Task details:
Reproduce every line of the data, exactly and without its pictures.

Exercise materials:
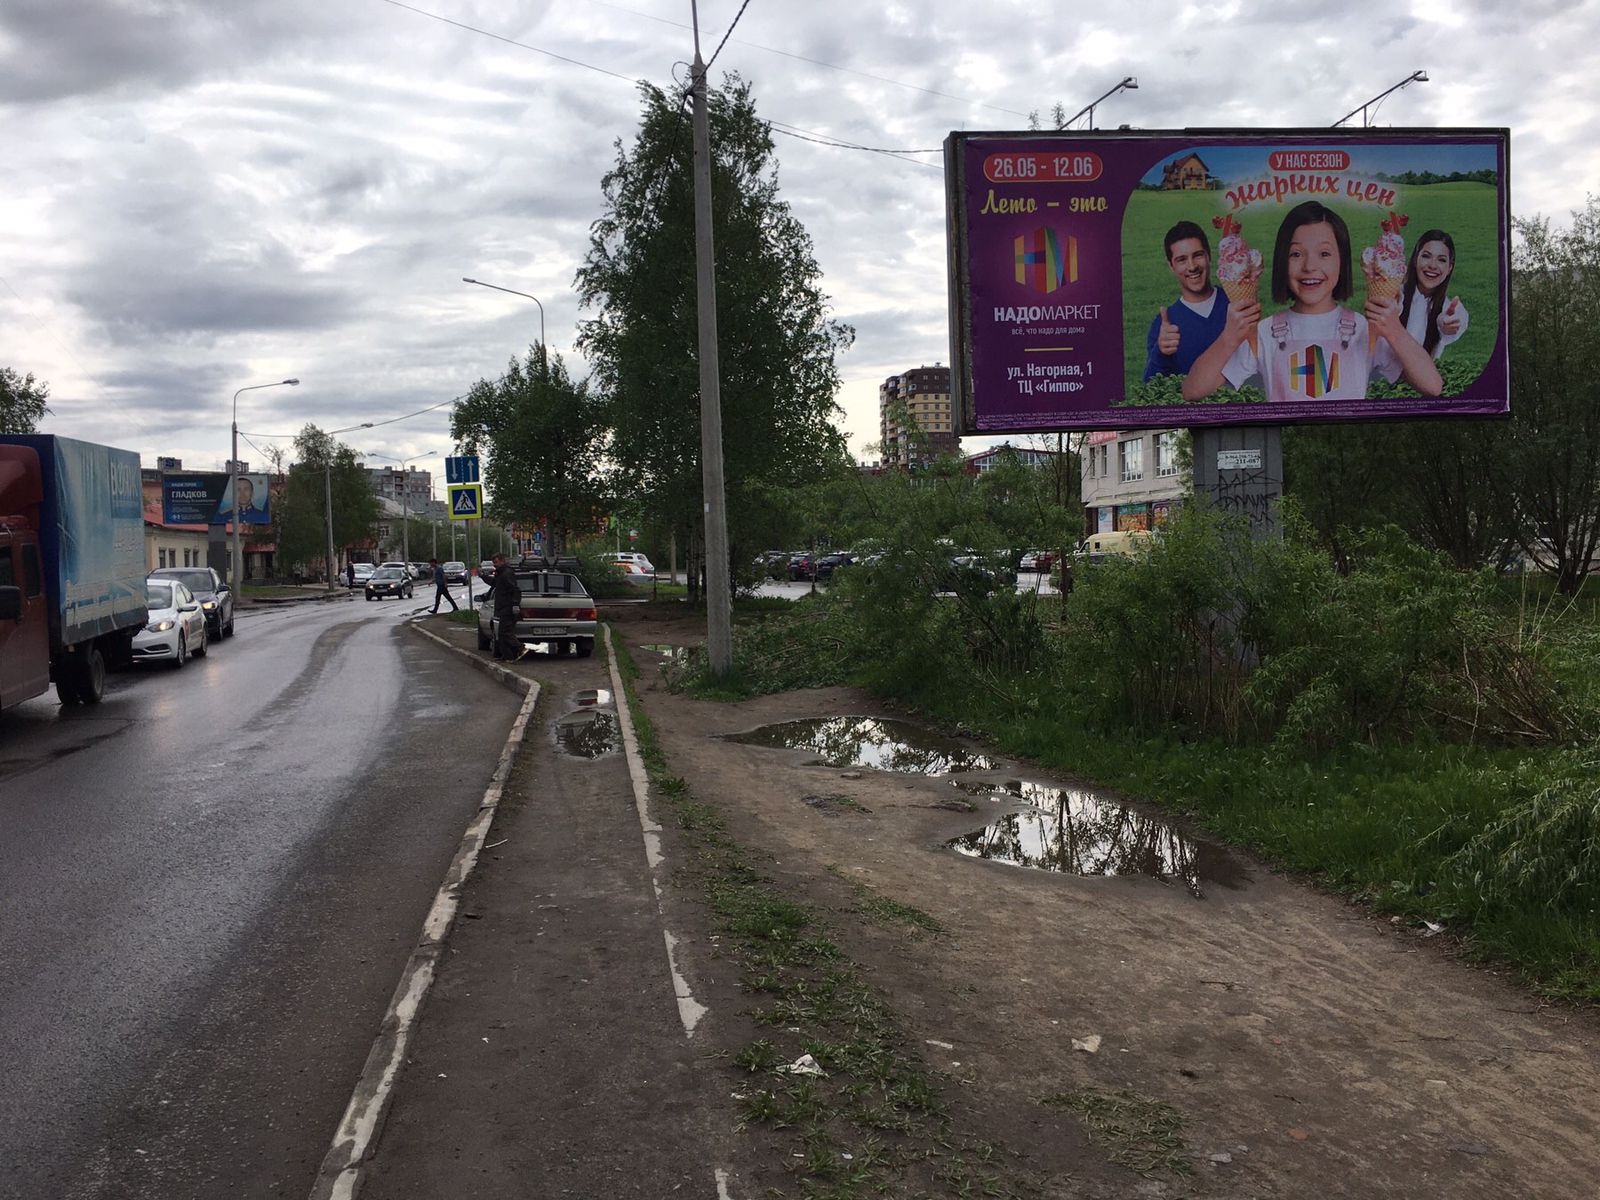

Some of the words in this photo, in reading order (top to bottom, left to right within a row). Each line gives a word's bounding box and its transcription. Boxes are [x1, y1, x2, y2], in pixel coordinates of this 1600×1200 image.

[993, 158, 1037, 177] 26.05
[1053, 156, 1093, 177] 12.06
[1276, 153, 1284, 168] У
[1286, 153, 1307, 168] НАС
[1309, 153, 1343, 168] СЕЗОН
[1225, 174, 1340, 209] жарких
[1346, 179, 1396, 206] цен
[981, 189, 1038, 214] Лето
[1069, 197, 1108, 213] это
[994, 305, 1100, 324] НАДОМАРКЕТ
[1011, 327, 1025, 336] всё,
[1039, 327, 1053, 335] надо
[1055, 327, 1067, 335] для
[1068, 327, 1085, 335] дома
[1007, 367, 1024, 380] ул.
[1026, 363, 1084, 379] Нагорная,
[1086, 361, 1093, 375] 1
[1017, 380, 1033, 395] ТЦ
[1035, 379, 1084, 393] «Гиппо»
[171, 491, 207, 499] ГЛАДКОВ

Output for this task:
Some of the words in this photo, in reading order (top to bottom, left to right within a row). Each line gives a word's bounding box and its transcription. Boxes are [x1, y1, x2, y2], in pixel coordinates of this 1600×1200 image.

[993, 158, 1037, 177] 26.05
[1053, 156, 1093, 177] 12.06
[1276, 153, 1284, 168] У
[1286, 153, 1307, 168] НАС
[1309, 153, 1343, 168] СЕЗОН
[1225, 174, 1340, 209] жарких
[1346, 179, 1396, 206] цен
[981, 189, 1038, 214] Лето
[1069, 197, 1108, 213] это
[994, 305, 1100, 324] НАДОМАРКЕТ
[1011, 327, 1025, 336] всё,
[1039, 327, 1053, 335] надо
[1055, 327, 1067, 335] для
[1068, 327, 1085, 335] дома
[1007, 367, 1024, 380] ул.
[1026, 363, 1084, 379] Нагорная,
[1086, 361, 1093, 375] 1
[1017, 380, 1033, 395] ТЦ
[1035, 379, 1084, 393] «Гиппо»
[171, 491, 207, 499] ГЛАДКОВ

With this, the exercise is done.